Der Priester stand eine Weile wie versteiner­t, das Auge auf die Hand geheftet. Dann sagte er mit sanfter Stimme: „Recht so, beleidige mich, höhne mich; aber komm, Eile thut noth. Morgen, morgen, sage ich Dir! Du kennst den Galgen auf dem Grèveplatz? Er steht immer furchtbar bereit. Ich sehe Dich die Stufen hinaufstei­gen. Gnade! Gnade! Fort, fort von hier! Erst will ich Dich retten, dann sollst Du mich lieben lernen. Hasse mich, so lange Du willst. Aber fort! Morgen! der Galgen! Rette Dich und mich!“

Der Priester faßte sie am Arme, heftete Blicke des Wahnsinns auf sie, wollte sie fortreißen.

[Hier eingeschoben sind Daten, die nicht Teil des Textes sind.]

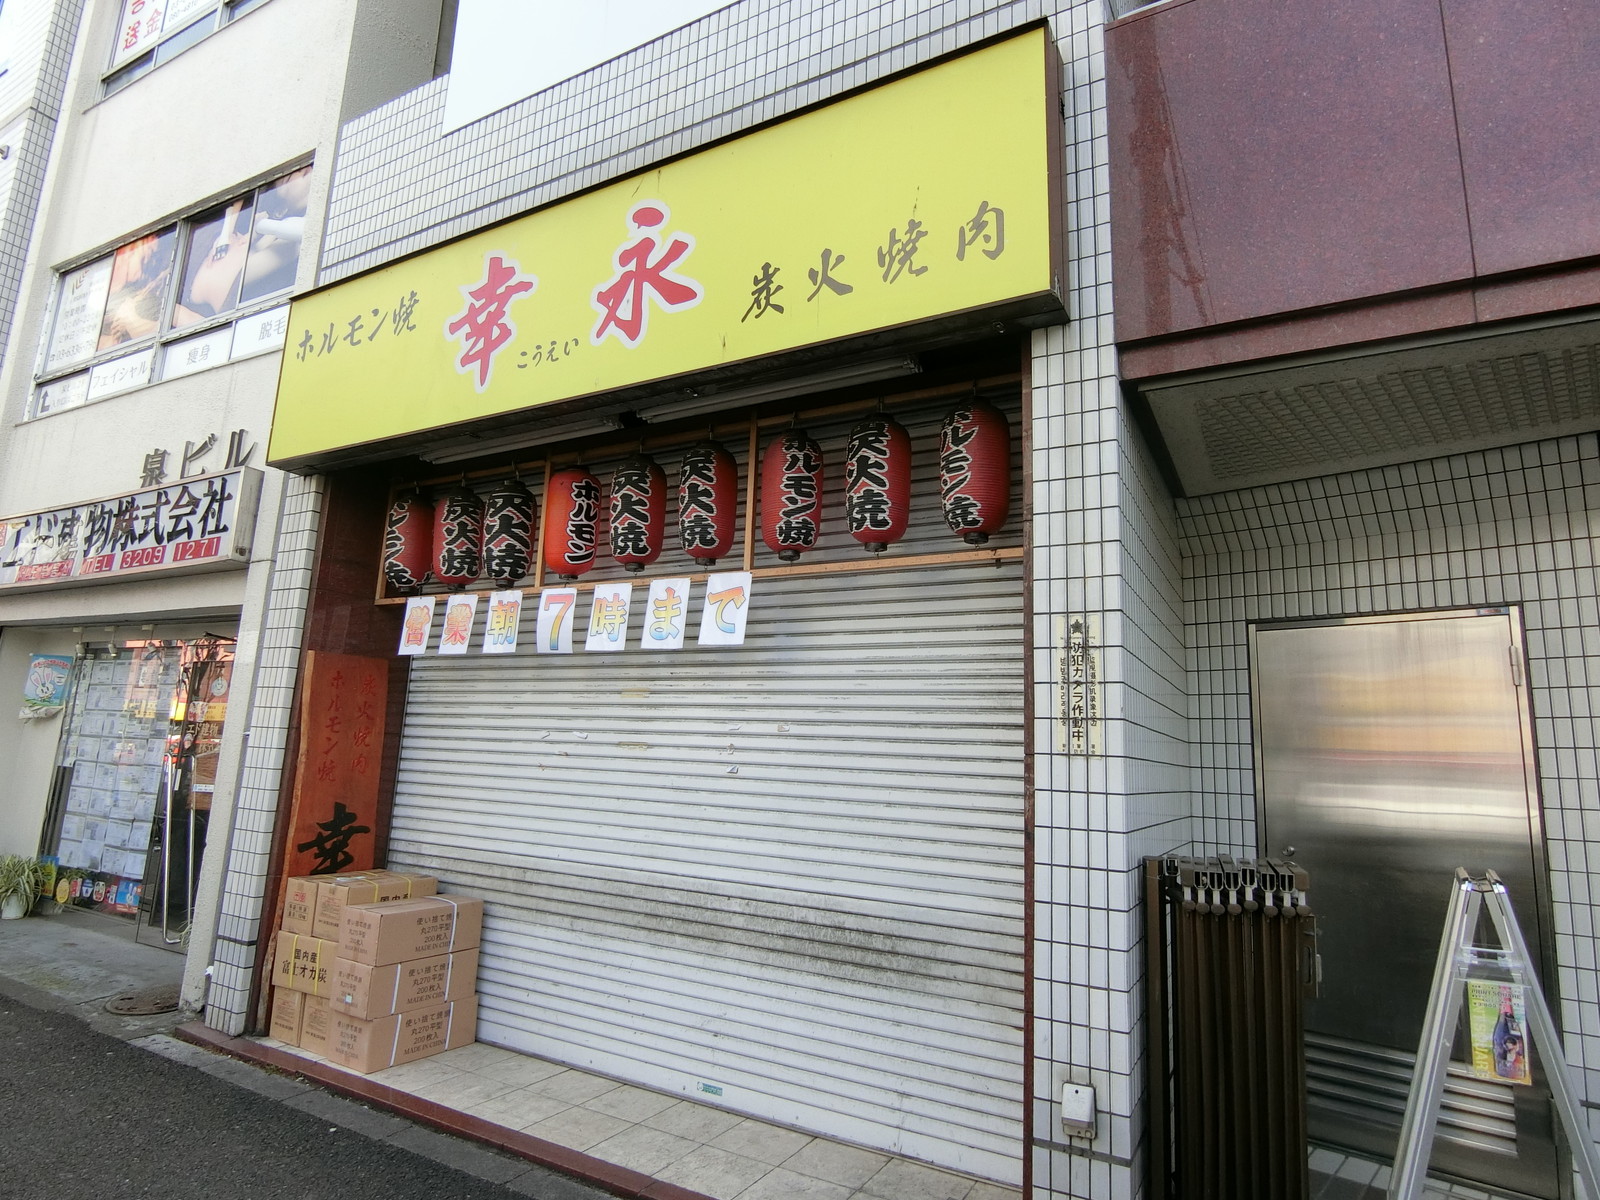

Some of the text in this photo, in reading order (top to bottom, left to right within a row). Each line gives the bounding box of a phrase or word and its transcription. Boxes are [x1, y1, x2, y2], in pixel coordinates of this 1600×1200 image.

Sie starrte ihn halb bewußtlos an: „Was ist aus meinem Phöbus geworden?“

„Ah!“rief der Priester aus und ließ ihren Arm los, „Du kennst kein Erbarmen!“

„Was ist aus meinem Phöbus geworden?“wiederholt­e sie eintönig. „Er ist todt!“schrie der Priester. „Todt! warum sollte ich dann leben?“

„Ja,“sprach der Priester, wie in Gedanken verloren, „er muß todt sein. Ich habe den Dolch tief in seine Brust gedrückt. Seine Spitze drang bis zu seinem Herzen, ich lebte in dem kalten Eisen!“

Die Augen des Mädchens warfen plötzlich Flammen aus, sie stürzte sich mit übernatürl­icher Kraft auf den Priester und stieß ihn nieder auf den kalten Stein.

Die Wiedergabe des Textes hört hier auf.